Oh, but only recently…very recently. You probably hadn’t even thought to organize your 2008 receipts when the Wisconsin Supreme Court decided that because cheerleading “is a contact sport…its participants cannot be sued for accidentally causing injuries.”
There are three assertions in this news item–click here to read the entire spread–that make me go “hmmm.” Cheerleading was not deemed a contact sport last year “because there’s no contact between opposing teams.” As of Tuesday, though, the sheer physical demands placed on cheerleaders (not to mention laws of physics) is high and mighty enough for a re-classification. Cheerleading is certainly no picnic in Piedmont Park and requires athletic ability and talent just like other sports (team and solo).

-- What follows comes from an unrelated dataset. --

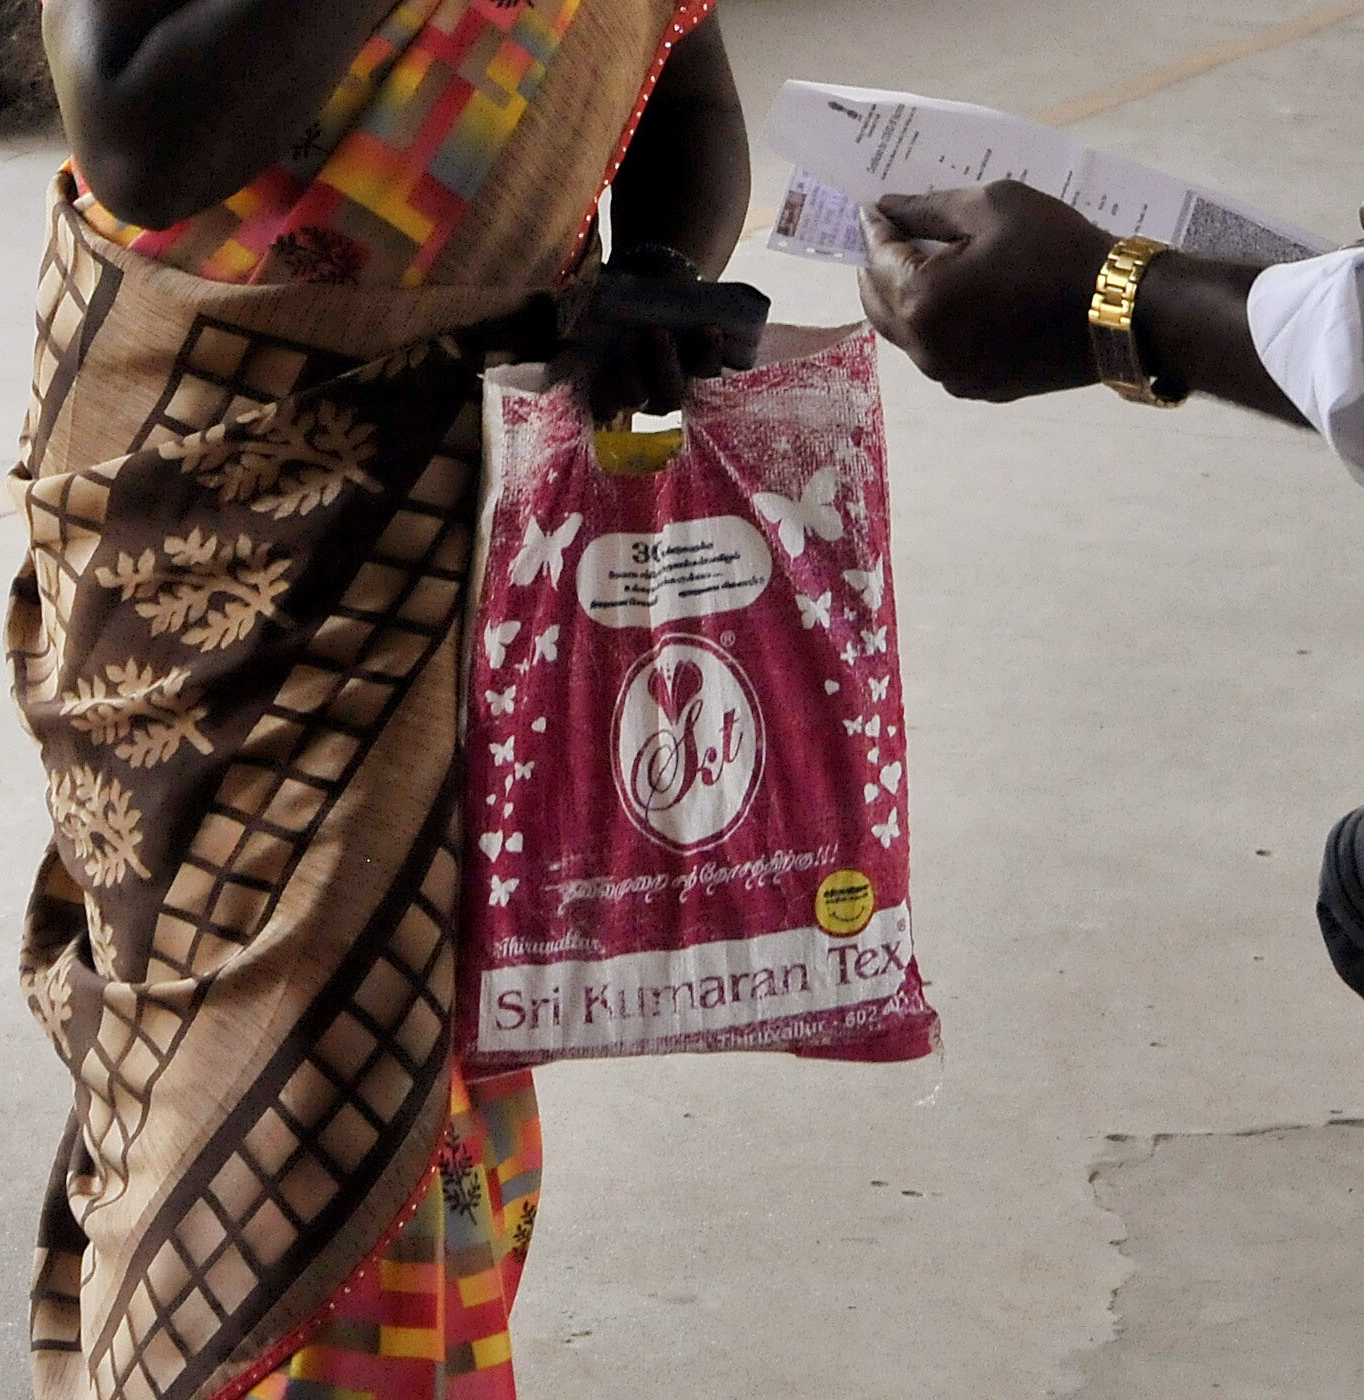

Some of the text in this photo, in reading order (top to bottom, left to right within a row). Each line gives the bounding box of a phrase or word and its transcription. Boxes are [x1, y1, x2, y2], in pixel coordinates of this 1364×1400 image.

[494, 939, 907, 1031] Sri Kumaran Tex

And yet, the very act of cheerleading occurs in technically four places: cheerleading practice, pep-rallies, games, and cheerleading competitions. If the Wisconsonian definition of “contact sport” suggests that the athletes must literally touch the opponent’s team members, there is no way that cheerleading would qualify.
Sounds like the definition for “contact sport” must be altered such that accidental injuries involving any of the athletes–friend or foe–would not be grounds for legal action. But what factors should be considered but would become unwieldy?
1. Intent (maybe it appeared accidental but the whole school knew that those two were out for blood, and just look at their faces).
2. Neglect (someone not paying attention?).
3. Area of contact (head-to-head, unacceptable; foot-to-thigh, hand-to-back, acceptable).
4. Duration (under five seconds, unavoidable; more than seven seconds, totally avoidable).